§ What to do: Only the text carries over: repeat the records exactly and drop the images.

———

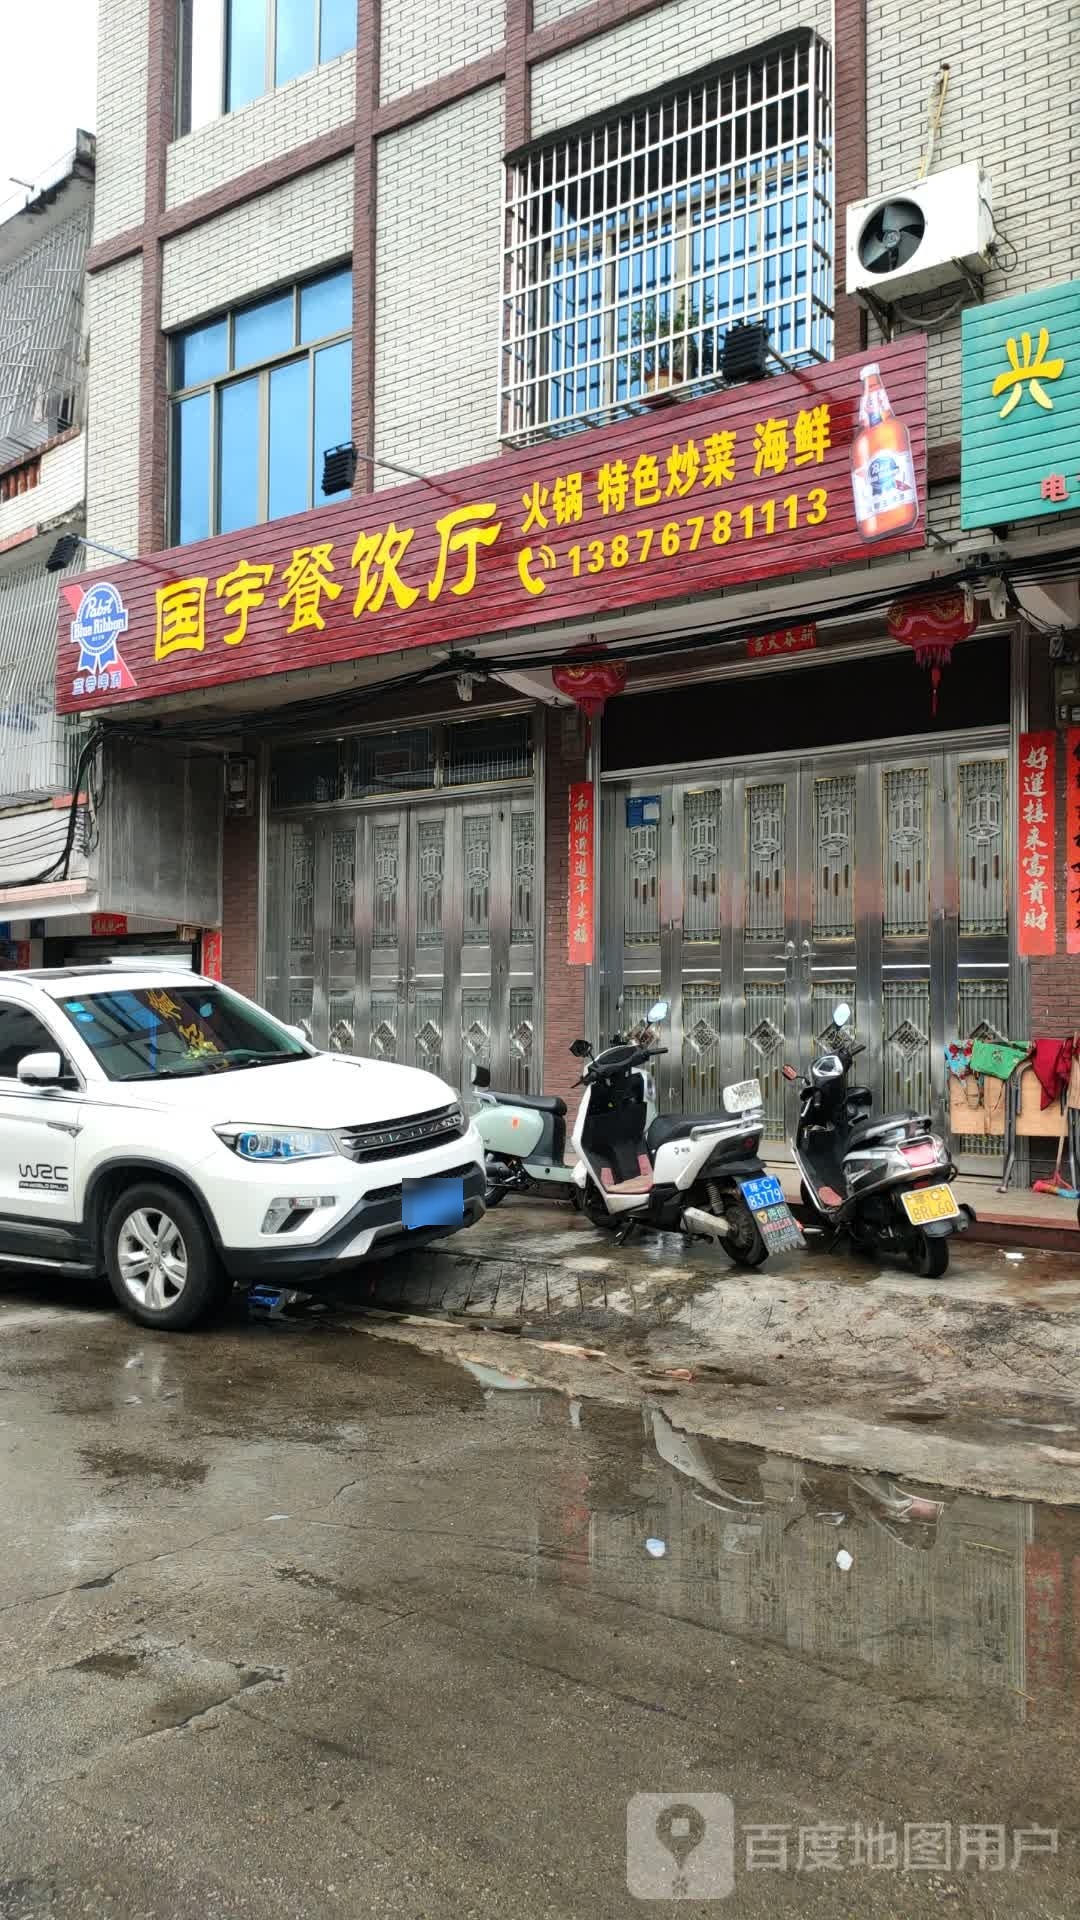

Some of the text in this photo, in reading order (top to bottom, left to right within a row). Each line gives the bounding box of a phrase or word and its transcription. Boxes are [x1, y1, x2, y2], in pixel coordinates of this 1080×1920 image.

[521, 404, 832, 533] 火锅 特色炒菜 海鲜
[1041, 473, 1080, 503] 电
[567, 487, 829, 577] 13876781113
[154, 503, 503, 662] 国宇餐饮厅
[85, 596, 114, 620] Pabst
[74, 616, 125, 639] Blue Ribbon
[18, 1163, 69, 1181] WRC
[749, 1189, 781, 1209] 83779

———

§ Your solution:
Some of the text in this photo, in reading order (top to bottom, left to right within a row). Each line gives the bounding box of a phrase or word and its transcription. Boxes are [x1, y1, x2, y2], in pixel coordinates of this 1080×1920 image.

[521, 404, 832, 533] 火锅 特色炒菜 海鲜
[1041, 473, 1080, 503] 电
[567, 487, 829, 577] 13876781113
[154, 503, 503, 662] 国宇餐饮厅
[85, 596, 114, 620] Pabst
[74, 616, 125, 639] Blue Ribbon
[18, 1163, 69, 1181] WRC
[749, 1189, 781, 1209] 83779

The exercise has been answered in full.